◆ **Saved data entries**:
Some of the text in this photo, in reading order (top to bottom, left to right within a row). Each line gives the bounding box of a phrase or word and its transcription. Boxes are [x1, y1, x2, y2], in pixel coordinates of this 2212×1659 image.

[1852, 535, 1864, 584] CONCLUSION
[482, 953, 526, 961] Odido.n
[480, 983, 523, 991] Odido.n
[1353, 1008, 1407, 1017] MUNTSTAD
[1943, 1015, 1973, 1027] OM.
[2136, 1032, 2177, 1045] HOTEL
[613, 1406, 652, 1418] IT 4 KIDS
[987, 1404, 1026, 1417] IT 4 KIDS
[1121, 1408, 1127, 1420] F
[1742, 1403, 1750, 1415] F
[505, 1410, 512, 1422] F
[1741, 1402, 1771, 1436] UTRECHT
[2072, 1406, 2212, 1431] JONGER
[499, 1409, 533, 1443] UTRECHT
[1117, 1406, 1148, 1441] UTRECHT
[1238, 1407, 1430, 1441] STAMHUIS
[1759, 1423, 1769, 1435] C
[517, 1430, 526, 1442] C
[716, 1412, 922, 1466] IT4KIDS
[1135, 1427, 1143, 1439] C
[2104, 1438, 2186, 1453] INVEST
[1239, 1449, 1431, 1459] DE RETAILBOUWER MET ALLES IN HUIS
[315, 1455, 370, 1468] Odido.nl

◆ **Task to carry out**: All records are to be retyped precisely.

◆ **Task result**:
Some of the text in this photo, in reading order (top to bottom, left to right within a row). Each line gives the bounding box of a phrase or word and its transcription. Boxes are [x1, y1, x2, y2], in pixel coordinates of this 2212×1659 image.

[1852, 535, 1864, 584] CONCLUSION
[482, 953, 526, 961] Odido.n
[480, 983, 523, 991] Odido.n
[1353, 1008, 1407, 1017] MUNTSTAD
[1943, 1015, 1973, 1027] OM.
[2136, 1032, 2177, 1045] HOTEL
[613, 1406, 652, 1418] IT 4 KIDS
[987, 1404, 1026, 1417] IT 4 KIDS
[1121, 1408, 1127, 1420] F
[1742, 1403, 1750, 1415] F
[505, 1410, 512, 1422] F
[1741, 1402, 1771, 1436] UTRECHT
[2072, 1406, 2212, 1431] JONGER
[499, 1409, 533, 1443] UTRECHT
[1117, 1406, 1148, 1441] UTRECHT
[1238, 1407, 1430, 1441] STAMHUIS
[1759, 1423, 1769, 1435] C
[517, 1430, 526, 1442] C
[716, 1412, 922, 1466] IT4KIDS
[1135, 1427, 1143, 1439] C
[2104, 1438, 2186, 1453] INVEST
[1239, 1449, 1431, 1459] DE RETAILBOUWER MET ALLES IN HUIS
[315, 1455, 370, 1468] Odido.nl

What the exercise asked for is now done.